CHARACTERIZATION OF PHOTOSYSTEM TRANSMEMBRANE GENES UNDER SUDDEN WATER SUPPLY IN Calotropis procera
Abstract
The wild shrub Calotropis procera grows successfully in dry areas. Photosynthesis is one of the processes severely affected by drought stress. In the present study, four chloroplast genes, i.e., psaA, psaB, psbA and psbB were uncovered and characterized in Calotropis procera from de novo assembled transcriptome contigs of the high throughput sequencing dataset. Theoretical 3D modeling of the deduced amino acid sequences was carried out and accuracy was determined by computing and suboptimal structural alignments between PsaA, PsaB, PsbA and PsbB 3D protein structures of Arabidopsis thaliana and Glycine max and the theoretical 3D models of PsaA, PsaB, PsbA and PsbB proteins in C. procera. Additionally, the functional domains of the studied amino acids sequences were identified.

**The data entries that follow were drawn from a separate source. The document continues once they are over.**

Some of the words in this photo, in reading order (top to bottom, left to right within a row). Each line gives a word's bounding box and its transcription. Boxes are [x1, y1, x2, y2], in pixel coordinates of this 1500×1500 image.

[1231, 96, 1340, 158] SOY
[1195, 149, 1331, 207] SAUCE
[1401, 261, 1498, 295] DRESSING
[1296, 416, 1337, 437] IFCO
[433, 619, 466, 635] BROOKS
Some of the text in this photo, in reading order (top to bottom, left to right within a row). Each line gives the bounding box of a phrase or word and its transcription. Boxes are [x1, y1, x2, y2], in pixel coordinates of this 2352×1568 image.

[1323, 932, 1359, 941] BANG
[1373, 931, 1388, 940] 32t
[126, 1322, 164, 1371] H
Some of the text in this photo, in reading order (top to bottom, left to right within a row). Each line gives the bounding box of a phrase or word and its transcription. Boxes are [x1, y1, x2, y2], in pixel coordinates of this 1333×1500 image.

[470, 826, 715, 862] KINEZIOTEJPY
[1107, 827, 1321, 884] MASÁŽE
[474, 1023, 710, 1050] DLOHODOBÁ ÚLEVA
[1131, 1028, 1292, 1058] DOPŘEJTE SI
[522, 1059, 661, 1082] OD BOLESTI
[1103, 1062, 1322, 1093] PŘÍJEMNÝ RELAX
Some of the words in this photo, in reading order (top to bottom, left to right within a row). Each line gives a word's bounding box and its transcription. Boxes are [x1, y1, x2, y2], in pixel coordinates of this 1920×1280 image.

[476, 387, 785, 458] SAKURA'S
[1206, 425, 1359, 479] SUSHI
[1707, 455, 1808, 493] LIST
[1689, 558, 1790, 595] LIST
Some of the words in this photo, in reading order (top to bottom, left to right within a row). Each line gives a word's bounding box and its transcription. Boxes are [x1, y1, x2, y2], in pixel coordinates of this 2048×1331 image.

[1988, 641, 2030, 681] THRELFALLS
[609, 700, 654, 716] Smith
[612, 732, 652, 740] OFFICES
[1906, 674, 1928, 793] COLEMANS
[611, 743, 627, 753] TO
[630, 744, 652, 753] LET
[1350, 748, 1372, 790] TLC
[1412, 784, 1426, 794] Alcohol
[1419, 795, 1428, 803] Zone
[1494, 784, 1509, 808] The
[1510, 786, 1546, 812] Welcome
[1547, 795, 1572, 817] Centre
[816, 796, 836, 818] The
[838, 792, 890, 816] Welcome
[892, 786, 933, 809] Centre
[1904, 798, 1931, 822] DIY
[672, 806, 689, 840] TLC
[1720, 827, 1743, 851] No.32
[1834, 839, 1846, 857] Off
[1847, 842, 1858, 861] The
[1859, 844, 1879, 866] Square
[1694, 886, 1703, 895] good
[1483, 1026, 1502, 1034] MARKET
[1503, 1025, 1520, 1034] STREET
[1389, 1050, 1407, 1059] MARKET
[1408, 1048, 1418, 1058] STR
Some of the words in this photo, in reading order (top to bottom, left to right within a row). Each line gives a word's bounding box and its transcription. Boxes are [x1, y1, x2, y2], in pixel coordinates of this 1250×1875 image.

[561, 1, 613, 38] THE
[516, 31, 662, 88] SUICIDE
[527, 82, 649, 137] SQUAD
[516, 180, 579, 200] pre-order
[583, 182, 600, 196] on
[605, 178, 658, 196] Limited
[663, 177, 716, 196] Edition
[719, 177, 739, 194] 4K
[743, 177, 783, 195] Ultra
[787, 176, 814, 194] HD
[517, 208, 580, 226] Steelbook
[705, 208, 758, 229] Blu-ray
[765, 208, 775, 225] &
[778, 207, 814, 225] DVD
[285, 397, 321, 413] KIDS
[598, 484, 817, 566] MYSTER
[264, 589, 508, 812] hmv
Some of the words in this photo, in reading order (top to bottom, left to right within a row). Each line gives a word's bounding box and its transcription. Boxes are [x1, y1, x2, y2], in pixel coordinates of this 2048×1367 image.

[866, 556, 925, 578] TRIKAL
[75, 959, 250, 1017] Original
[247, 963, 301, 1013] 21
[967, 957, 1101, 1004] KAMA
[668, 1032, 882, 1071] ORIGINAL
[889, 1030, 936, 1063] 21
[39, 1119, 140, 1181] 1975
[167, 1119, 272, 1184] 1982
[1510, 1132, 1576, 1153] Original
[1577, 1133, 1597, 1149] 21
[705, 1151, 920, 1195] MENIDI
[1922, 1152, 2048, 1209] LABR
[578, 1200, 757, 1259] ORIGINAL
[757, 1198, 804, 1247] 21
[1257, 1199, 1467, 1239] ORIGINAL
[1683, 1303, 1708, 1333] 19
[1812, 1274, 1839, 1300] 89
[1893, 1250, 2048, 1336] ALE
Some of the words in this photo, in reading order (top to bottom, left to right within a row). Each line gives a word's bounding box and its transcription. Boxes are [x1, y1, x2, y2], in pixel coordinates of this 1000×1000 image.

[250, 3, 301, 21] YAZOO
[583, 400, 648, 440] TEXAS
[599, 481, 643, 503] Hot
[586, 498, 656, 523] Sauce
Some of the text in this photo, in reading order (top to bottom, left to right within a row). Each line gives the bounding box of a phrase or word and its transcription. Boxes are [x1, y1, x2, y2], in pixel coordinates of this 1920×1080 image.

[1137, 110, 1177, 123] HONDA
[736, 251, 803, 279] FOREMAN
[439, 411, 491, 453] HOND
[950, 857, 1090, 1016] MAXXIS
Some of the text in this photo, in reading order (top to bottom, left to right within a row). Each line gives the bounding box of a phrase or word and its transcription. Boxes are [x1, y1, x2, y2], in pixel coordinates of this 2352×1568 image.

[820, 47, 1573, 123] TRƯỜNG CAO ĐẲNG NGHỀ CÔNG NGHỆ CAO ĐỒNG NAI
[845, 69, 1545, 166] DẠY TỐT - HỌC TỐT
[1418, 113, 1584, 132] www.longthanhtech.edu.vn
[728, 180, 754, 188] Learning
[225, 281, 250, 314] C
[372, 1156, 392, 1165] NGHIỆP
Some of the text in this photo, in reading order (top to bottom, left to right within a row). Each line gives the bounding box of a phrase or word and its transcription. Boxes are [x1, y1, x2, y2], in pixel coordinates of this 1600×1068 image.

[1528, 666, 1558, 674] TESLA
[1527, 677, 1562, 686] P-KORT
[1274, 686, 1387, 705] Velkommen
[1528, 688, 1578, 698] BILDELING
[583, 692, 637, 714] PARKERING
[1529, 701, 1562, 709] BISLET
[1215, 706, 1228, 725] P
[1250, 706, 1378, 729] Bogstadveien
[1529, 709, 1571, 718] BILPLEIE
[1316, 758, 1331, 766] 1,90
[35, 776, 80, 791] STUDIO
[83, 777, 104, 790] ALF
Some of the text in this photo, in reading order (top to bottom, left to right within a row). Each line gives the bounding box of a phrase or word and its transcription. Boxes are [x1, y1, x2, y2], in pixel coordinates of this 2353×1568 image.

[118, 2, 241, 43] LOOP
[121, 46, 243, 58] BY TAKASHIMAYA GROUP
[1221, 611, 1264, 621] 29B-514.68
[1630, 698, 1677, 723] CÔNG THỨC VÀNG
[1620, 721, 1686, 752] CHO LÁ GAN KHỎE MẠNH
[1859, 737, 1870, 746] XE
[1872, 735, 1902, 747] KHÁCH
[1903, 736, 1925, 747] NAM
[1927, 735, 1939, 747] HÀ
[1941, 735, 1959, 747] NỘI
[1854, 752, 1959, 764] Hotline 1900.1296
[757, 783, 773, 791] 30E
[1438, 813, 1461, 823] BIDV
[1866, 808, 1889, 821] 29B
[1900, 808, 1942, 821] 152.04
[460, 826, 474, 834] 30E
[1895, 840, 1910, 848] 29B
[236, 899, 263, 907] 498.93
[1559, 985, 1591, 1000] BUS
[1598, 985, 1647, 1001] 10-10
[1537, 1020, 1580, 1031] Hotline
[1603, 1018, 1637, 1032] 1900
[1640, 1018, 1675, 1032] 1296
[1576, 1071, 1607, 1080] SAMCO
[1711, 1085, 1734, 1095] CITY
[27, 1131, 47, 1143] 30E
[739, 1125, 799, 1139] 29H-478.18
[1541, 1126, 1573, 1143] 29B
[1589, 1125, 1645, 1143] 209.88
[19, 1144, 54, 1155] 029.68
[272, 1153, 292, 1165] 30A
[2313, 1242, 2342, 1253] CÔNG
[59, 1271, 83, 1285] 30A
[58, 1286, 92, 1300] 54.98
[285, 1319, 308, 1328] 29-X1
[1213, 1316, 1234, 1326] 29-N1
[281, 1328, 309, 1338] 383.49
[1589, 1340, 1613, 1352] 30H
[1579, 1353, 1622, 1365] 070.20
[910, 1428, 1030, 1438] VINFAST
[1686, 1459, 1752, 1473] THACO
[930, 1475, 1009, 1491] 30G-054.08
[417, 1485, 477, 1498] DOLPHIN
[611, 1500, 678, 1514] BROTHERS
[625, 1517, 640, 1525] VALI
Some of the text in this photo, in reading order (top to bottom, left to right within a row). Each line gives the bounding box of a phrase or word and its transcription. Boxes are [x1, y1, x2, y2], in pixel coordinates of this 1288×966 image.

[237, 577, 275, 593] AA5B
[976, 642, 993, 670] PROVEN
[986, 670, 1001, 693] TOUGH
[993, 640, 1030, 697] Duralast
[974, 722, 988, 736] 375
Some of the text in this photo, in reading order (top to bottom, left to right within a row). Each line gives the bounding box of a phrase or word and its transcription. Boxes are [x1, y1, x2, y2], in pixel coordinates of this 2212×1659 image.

Under sudden supply of a limited amount of water to these desert grown plants, the changes in the expression of psaA, psaB, psbA and psbB genes were determined at three time points (1 hour post-dawn, mid-day and 1 hour pre-dusk). Data indicate that the psaA and psaB genes were down-regulated after watering, while the psbA and psbB were up-regulated especially at time point 1-hour pre-dusk. These responses can be considered as one of the mechanisms of abiotic stress tolerance in this wild plant species.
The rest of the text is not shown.